▶ [TASK TO CARRY OUT] Repeat the data that follows in full. Do not include the pictures.
[AVAILABLE DATA — start]
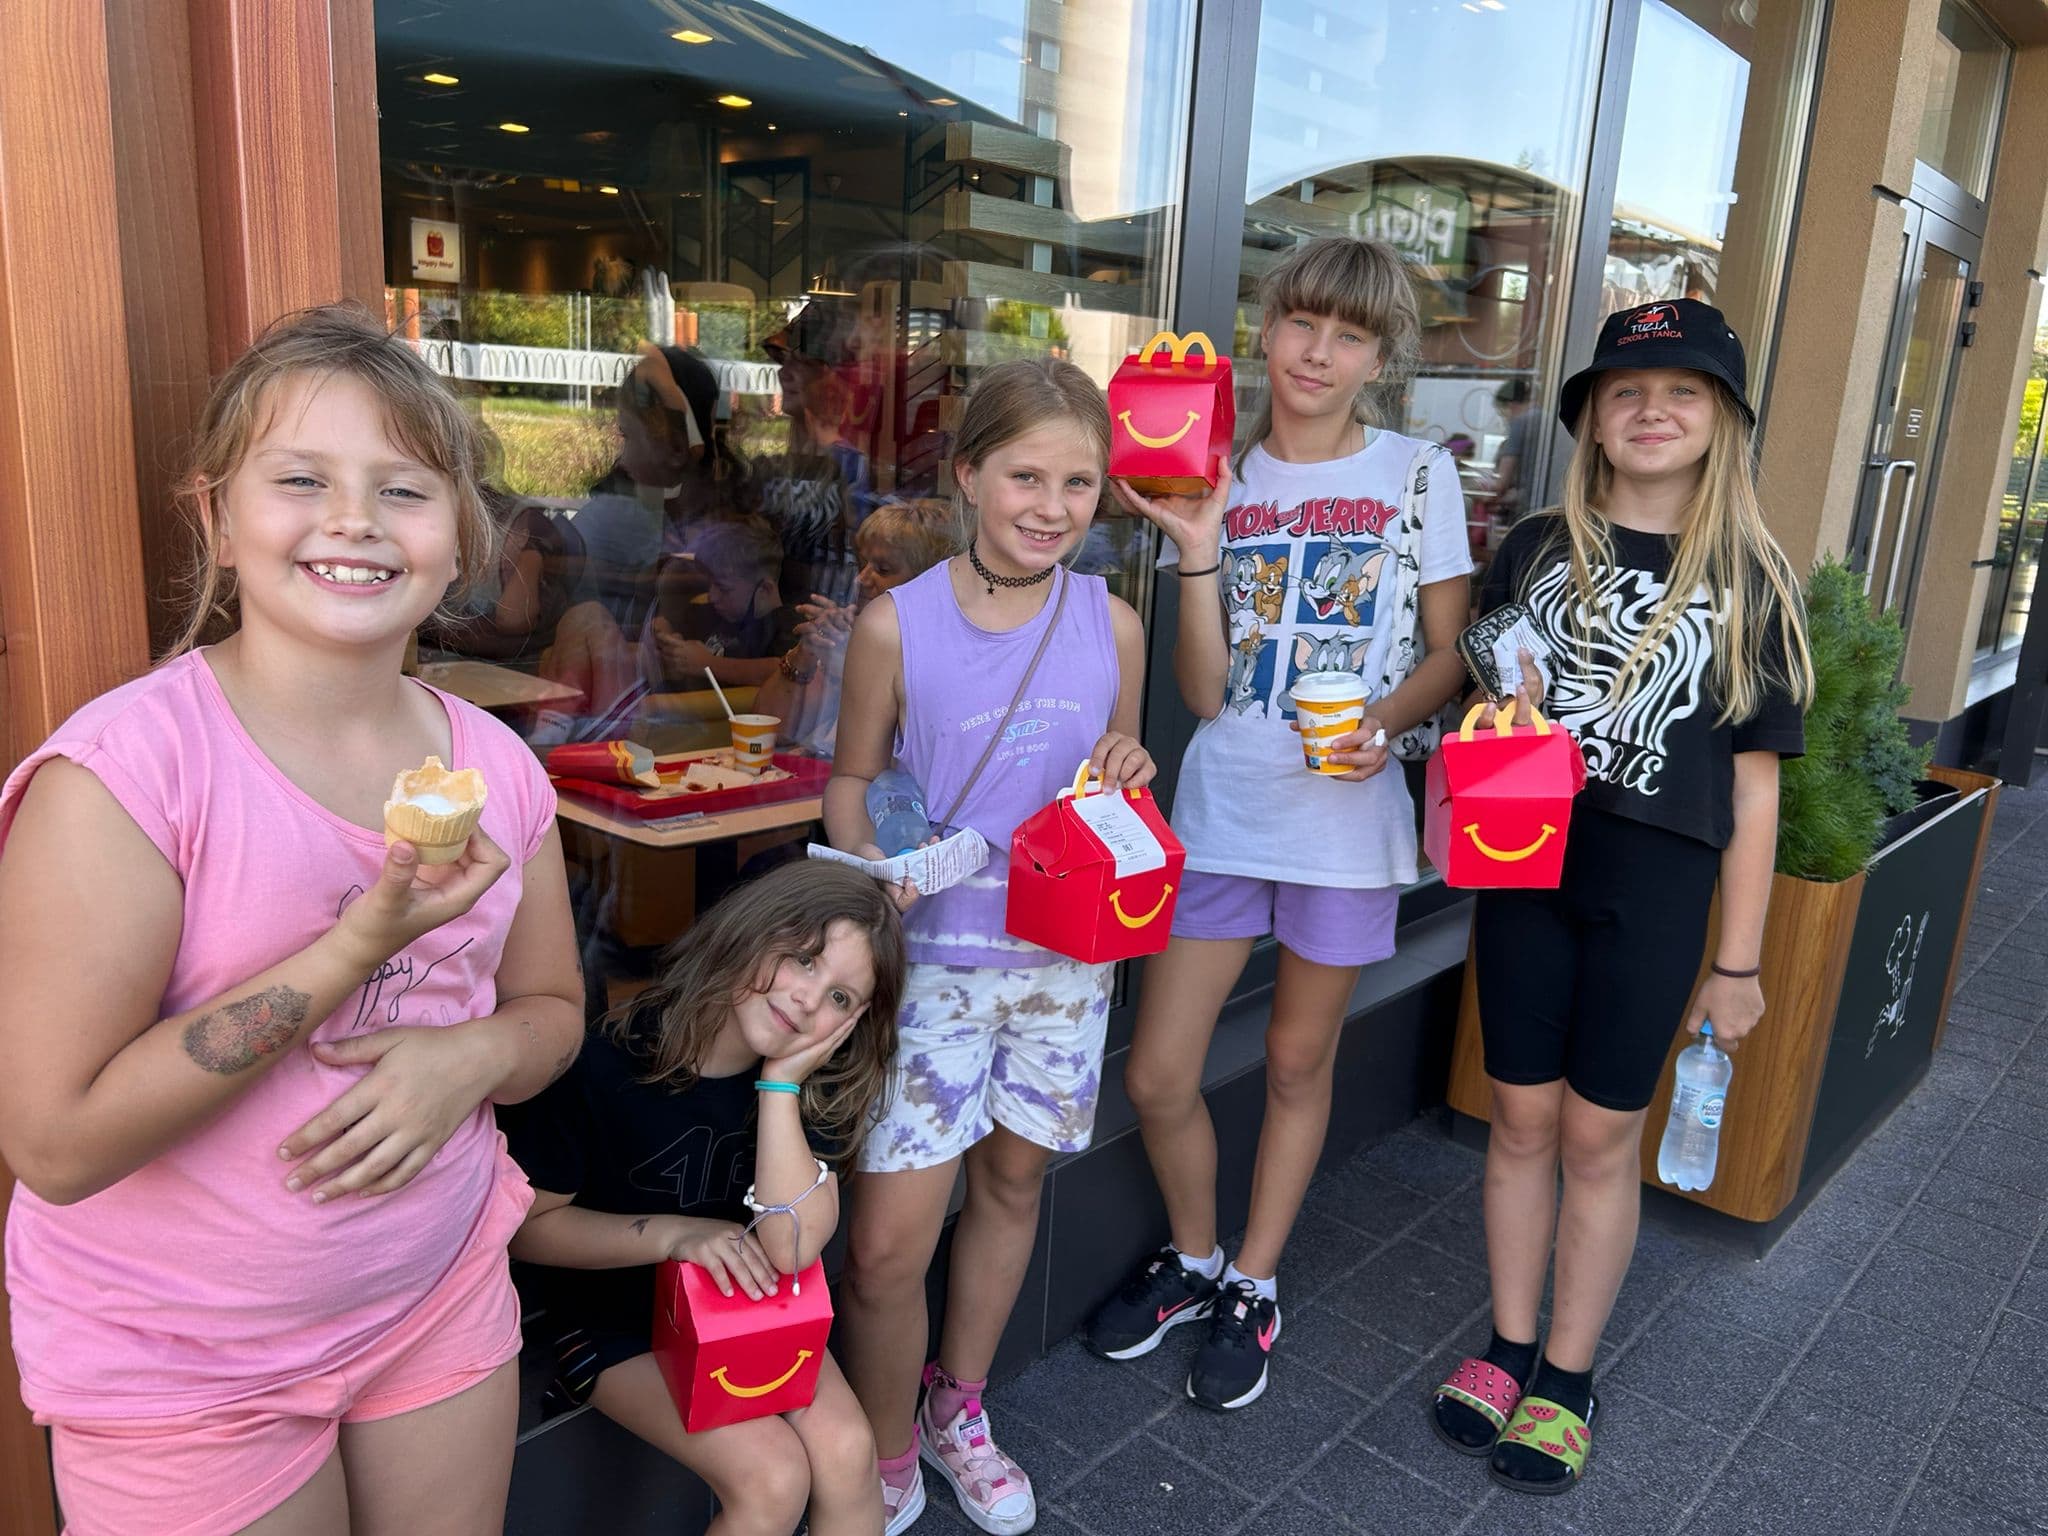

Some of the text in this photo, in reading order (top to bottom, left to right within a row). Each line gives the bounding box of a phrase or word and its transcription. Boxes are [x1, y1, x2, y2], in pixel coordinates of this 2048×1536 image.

[1223, 500, 1280, 542] TOM
[1287, 496, 1400, 539] JERRY
[992, 700, 1032, 719] COES
[1035, 698, 1057, 710] THE
[1058, 699, 1081, 713] SUN
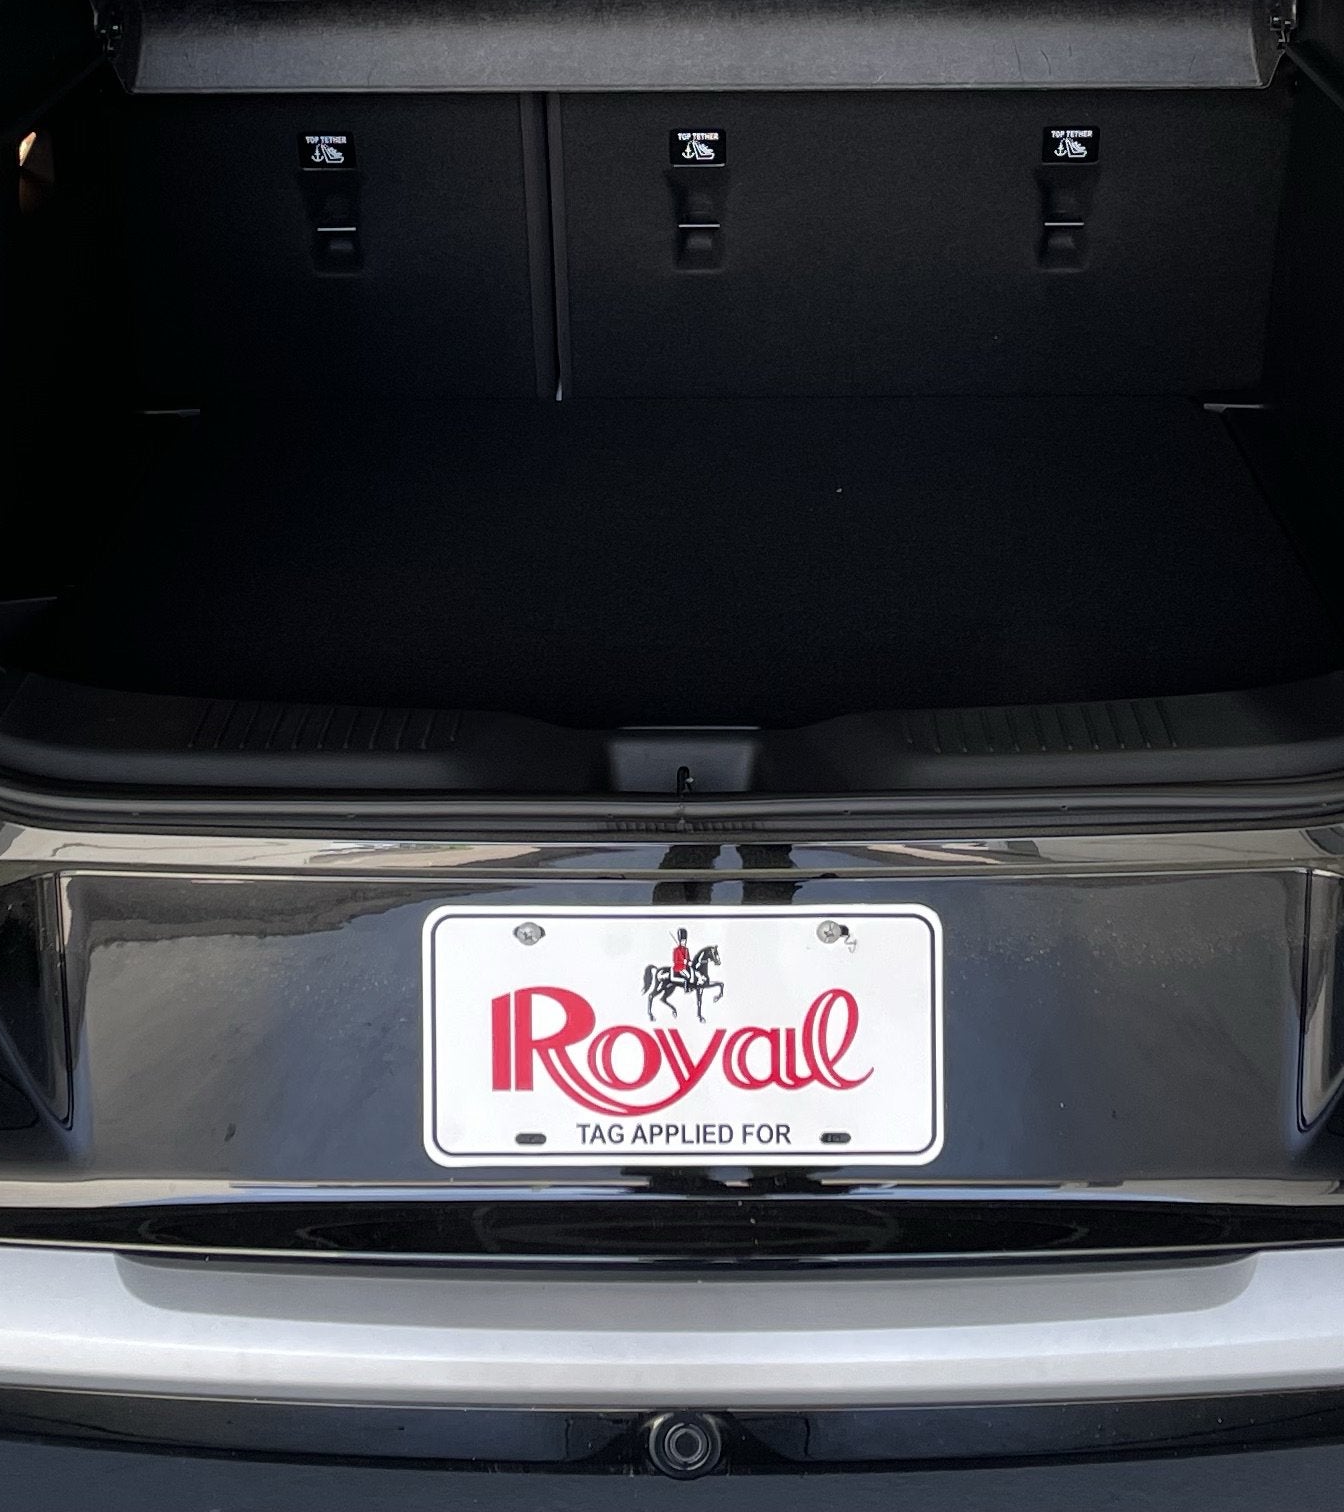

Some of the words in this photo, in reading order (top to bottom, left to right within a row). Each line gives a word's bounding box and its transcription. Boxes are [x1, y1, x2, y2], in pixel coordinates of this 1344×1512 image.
[AVAILABLE DATA — finish]
▶ [ANSWER SECTION]
Some of the text in this photo, in reading order (top to bottom, left to right within a row). Each line gives the bounding box of a phrase or word and its transcription. Boxes are [x1, y1, x2, y2], in pixel coordinates of this 2048×1536 image.

[1223, 500, 1280, 542] TOM
[1287, 496, 1400, 539] JERRY
[992, 700, 1032, 719] COES
[1035, 698, 1057, 710] THE
[1058, 699, 1081, 713] SUN

Some of the words in this photo, in reading order (top to bottom, left to right within a row). Each line gives a word's bounding box and its transcription. Boxes are [x1, y1, x2, y2], in pixel coordinates of this 1344×1512 image.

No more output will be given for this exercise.